Comparison of Blue-Yellow Opponent Color Contrast Sensitivity Function between Female Badminton Players and Non-athletes


Ebrahim Jafarzadehpur 2 , * , Ali Mirzajani 1 , Maryam Hatami 1 , Razieh Musavian 1 , Ebrahim Abbasi 3

2 Noor Ophthalmology Research Center, Tehran, Iran

1 Optometry Department, Tehran University of Medical Science, Tehran, Iran

3 Physical Education Organization, Tehran, Iran

How to Cite: Jafarzadehpur E, Mirzajani A, Hatami M, Musavian R, Abbasi E. Comparison of Blue-Yellow Opponent Color Contrast Sensitivity Function between Female Badminton Players and Non-athletes, Asian J Sports Med. Online ahead of Print ; 4(2):34491. doi: 10.5812/asjsm.34491.


Asian Journal of Sports Medicine: 4 (2); 107-113
Published Online: December 19, 2012
Article Type: Research Article
Received: July 9, 2012
Accepted: November 27, 2012


Purpose: To compare the chromatic contrast sensitivity function (CSF) for the blue-yellow opponent channel (BYOC) between female badminton players and non-athlete controls.

Methods: We recruited 40 young females (18-25 years old) who played badminton for at least 5 consecutive years as the test group, and 30 age-matched female controls who had no history of regular physical activity. The Pattern Generator system was used to test the CSF for the BYOC which was performed at three spatial frequencies (SFs) of 2 cycles per degree (cpd), 5 cpd, and 25 cpd.

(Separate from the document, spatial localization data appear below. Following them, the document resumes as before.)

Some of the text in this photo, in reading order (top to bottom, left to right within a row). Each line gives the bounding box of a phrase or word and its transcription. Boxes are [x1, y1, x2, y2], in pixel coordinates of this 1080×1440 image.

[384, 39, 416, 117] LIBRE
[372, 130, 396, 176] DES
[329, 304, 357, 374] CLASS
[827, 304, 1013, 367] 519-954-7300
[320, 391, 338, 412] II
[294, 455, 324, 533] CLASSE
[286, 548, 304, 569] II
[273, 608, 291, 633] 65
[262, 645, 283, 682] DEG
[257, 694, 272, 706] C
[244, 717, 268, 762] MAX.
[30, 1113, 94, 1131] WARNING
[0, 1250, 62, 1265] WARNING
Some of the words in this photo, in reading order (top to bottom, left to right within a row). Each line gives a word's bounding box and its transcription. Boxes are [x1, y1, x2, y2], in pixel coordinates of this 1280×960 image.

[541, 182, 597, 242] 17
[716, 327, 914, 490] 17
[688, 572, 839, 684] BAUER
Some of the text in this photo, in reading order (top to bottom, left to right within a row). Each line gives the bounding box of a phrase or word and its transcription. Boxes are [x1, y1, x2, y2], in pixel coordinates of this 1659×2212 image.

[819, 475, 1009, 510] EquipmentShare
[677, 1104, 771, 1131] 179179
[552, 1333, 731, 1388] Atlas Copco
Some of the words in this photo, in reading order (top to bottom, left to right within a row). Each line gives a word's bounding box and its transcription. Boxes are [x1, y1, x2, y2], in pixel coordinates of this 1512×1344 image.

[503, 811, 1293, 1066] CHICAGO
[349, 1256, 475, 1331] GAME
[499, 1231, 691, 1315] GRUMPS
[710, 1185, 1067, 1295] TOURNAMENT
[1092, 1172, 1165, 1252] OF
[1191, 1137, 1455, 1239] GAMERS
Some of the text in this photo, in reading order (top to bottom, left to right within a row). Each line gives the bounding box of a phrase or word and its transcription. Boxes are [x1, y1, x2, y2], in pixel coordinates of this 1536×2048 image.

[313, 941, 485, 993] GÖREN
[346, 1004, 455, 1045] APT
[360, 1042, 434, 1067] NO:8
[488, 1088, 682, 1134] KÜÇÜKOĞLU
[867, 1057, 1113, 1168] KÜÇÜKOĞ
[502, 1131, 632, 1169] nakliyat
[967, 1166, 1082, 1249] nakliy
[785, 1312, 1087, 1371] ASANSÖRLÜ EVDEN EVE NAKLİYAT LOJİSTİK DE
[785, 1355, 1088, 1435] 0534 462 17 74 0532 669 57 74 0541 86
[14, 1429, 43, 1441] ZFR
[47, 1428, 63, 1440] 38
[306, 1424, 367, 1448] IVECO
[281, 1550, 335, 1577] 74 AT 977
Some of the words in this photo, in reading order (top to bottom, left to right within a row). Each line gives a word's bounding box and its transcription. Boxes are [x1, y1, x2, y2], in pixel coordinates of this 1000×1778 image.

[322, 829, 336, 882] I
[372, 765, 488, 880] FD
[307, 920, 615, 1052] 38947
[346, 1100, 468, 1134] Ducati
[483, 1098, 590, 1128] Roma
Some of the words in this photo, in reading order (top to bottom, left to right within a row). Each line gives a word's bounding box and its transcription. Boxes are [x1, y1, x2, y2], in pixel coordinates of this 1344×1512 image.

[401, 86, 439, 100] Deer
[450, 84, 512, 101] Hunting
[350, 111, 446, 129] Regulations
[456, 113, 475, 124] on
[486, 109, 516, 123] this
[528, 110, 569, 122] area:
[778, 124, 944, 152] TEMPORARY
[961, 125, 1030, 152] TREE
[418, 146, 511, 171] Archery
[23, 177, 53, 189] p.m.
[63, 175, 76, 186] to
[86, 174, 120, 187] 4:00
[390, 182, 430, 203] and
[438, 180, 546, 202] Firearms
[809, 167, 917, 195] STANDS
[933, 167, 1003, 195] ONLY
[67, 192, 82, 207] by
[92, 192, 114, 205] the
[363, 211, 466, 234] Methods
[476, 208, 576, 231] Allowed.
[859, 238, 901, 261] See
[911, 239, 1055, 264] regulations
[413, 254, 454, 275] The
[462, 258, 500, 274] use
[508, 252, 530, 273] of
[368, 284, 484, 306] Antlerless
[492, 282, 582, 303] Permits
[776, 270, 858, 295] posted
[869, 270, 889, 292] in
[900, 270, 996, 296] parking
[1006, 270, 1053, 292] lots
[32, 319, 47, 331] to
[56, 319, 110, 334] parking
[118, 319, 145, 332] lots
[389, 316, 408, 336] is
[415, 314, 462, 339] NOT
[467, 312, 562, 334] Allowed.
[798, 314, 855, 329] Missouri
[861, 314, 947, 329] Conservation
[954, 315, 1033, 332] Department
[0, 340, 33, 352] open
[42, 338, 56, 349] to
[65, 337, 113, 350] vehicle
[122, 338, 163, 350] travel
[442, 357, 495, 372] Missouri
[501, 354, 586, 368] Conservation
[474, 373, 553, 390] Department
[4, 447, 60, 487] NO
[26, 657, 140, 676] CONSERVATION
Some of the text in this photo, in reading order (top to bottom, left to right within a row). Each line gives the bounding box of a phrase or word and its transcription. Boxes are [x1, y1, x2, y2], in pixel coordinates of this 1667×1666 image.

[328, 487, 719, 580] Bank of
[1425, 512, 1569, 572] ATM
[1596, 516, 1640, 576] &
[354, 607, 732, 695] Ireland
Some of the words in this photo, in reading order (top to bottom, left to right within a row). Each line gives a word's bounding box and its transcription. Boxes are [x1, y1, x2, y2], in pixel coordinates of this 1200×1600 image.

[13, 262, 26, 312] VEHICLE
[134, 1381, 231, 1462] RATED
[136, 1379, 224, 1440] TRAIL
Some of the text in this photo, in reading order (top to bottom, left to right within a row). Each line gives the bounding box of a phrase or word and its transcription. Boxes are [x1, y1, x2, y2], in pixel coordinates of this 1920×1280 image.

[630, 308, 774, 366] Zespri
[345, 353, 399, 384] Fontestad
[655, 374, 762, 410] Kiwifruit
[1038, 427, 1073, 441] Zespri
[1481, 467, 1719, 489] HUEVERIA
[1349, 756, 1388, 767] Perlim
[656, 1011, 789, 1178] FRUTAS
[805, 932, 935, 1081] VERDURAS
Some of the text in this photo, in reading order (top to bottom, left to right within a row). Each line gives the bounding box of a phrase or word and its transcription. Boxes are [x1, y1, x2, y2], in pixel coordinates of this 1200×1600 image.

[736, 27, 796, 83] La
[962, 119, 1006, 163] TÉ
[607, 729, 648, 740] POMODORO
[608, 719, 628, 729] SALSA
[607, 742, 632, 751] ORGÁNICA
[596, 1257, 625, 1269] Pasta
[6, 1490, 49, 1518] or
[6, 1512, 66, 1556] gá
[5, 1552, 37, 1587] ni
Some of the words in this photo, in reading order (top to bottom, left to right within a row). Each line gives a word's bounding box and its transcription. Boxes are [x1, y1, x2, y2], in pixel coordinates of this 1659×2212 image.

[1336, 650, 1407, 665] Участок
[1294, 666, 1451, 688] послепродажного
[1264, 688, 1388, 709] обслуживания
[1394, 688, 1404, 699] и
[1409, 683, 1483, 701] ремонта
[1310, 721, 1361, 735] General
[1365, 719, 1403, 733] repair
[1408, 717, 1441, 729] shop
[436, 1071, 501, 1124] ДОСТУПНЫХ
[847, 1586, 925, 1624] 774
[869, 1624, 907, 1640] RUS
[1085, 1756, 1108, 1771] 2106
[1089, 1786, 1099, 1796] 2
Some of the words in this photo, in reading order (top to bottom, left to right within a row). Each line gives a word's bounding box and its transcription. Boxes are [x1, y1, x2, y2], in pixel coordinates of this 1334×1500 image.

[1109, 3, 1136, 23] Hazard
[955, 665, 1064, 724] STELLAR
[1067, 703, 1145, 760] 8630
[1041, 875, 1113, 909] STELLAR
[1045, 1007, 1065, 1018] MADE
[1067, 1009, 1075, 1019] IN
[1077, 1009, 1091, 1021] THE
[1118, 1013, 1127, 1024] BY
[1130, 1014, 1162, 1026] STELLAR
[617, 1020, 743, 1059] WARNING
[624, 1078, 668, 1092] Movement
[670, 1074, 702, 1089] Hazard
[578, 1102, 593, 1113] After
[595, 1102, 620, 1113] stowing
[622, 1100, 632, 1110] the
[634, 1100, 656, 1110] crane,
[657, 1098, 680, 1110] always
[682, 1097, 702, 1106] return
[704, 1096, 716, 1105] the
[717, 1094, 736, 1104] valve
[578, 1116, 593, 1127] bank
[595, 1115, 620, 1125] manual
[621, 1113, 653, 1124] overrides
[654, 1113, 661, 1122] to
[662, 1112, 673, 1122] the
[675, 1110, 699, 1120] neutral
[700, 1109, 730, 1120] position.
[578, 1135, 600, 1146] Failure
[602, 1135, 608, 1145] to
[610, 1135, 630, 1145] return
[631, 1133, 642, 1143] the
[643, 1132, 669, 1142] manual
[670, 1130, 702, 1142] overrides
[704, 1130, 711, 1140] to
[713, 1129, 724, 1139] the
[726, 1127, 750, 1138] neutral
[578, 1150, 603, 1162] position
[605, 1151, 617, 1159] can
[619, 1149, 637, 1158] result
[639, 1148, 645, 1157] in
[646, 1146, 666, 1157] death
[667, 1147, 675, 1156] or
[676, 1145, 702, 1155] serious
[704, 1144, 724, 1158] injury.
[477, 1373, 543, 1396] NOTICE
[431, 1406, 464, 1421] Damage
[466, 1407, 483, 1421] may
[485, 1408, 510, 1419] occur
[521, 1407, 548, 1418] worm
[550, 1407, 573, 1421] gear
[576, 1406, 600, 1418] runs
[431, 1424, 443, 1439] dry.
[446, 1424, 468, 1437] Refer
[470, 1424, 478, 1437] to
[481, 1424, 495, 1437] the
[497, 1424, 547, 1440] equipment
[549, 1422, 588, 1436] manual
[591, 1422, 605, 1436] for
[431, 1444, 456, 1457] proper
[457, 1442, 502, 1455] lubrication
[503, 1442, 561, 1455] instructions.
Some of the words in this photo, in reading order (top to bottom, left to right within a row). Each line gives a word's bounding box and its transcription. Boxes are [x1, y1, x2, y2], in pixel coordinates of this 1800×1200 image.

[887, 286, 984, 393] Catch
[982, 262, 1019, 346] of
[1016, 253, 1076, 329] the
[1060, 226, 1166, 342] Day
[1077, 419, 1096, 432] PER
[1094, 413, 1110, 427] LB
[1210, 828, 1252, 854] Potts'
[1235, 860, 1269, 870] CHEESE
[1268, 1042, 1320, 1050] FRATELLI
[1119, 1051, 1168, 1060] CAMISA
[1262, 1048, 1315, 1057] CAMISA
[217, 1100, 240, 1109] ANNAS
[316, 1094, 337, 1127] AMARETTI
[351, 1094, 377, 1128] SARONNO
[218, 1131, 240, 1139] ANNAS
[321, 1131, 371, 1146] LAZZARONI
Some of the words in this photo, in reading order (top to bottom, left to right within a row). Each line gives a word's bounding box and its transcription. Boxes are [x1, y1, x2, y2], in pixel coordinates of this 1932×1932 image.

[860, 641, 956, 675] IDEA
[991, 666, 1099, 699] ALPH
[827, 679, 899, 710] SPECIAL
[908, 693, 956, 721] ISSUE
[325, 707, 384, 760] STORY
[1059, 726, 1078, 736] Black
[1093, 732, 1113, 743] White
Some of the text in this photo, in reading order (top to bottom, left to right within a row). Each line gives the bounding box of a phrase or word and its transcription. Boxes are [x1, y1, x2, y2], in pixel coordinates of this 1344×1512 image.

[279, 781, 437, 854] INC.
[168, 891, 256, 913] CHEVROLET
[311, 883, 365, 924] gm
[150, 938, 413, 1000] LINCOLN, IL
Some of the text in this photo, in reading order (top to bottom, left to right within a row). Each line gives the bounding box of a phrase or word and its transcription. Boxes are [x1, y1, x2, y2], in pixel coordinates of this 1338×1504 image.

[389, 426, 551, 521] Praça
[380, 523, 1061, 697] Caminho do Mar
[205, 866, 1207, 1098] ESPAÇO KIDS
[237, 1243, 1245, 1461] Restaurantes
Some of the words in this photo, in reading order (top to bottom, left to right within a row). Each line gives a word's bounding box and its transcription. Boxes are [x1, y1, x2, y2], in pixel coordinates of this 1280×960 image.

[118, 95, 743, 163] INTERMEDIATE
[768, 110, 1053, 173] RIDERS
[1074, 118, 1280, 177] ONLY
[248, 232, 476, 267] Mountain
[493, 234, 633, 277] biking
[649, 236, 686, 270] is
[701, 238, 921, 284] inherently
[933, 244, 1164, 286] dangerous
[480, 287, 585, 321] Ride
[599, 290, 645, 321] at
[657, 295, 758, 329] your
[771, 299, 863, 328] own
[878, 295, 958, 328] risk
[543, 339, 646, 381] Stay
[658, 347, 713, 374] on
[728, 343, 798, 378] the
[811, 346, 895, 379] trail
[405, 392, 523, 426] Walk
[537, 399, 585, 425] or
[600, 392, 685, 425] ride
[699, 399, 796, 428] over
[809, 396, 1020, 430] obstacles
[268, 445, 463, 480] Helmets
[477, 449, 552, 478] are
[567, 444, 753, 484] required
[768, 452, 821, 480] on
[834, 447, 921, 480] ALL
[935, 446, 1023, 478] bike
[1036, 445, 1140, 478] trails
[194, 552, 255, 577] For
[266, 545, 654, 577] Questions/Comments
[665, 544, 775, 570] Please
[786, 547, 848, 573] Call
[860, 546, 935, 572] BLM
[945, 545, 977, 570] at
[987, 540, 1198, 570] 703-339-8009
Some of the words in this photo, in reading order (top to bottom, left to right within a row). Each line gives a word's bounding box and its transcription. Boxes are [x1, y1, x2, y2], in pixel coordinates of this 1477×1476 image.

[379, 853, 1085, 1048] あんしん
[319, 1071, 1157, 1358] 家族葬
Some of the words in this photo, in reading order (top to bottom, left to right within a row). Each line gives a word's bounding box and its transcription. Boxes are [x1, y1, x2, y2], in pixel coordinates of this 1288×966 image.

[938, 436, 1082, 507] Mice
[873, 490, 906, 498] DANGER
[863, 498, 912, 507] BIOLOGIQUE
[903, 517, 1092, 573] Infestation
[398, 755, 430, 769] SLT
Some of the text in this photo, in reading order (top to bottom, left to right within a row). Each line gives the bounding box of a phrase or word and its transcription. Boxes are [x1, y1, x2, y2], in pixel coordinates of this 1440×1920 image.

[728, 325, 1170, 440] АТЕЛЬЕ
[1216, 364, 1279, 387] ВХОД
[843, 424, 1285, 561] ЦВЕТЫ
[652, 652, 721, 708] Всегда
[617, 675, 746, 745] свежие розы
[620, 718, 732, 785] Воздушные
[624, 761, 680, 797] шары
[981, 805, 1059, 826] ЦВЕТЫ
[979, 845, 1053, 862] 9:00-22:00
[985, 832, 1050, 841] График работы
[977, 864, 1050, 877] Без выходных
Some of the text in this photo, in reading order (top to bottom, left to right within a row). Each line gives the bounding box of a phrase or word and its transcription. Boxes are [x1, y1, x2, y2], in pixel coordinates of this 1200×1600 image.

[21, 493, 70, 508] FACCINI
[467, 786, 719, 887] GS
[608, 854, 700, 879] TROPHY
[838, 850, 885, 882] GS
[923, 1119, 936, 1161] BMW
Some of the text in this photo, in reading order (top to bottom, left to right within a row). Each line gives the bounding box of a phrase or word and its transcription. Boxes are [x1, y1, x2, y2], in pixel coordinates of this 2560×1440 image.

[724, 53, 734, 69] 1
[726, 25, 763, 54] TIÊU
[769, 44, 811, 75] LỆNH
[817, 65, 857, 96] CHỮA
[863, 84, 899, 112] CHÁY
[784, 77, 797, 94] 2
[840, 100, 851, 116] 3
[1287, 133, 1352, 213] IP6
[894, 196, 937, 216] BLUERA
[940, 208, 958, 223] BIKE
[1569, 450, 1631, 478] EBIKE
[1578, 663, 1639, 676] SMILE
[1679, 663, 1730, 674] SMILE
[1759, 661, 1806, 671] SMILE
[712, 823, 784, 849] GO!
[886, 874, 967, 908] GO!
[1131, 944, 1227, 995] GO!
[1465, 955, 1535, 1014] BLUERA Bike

Results: Comparison of BYOC thresholds showed significantly better results in the test group for all three SFs (P<0.001). Band pass shift (better CSF in the middle SF) was seen in the test group. The control group had low pass (better CSF in the low SF). Ocular motility (heterophoria, fusional convergence and divergence at far and near distances, and near point of convergence) was better in the test group, but the inter-group difference was not significant.

Conclusions: The BYOC threshold results for badminton players indicated a better visual performance which may be a result of enhanced performance of the parallel processing of the parvocellular and magnocellular systems. This may be inherent and/or acquired in badminton players. In addition, badminton players appear to have developed sensory-motor programmed activities. Testing the CSF for BYOC may be useful for athlete selection in different levels and/or used as a criterion for screening players in the field of badminton.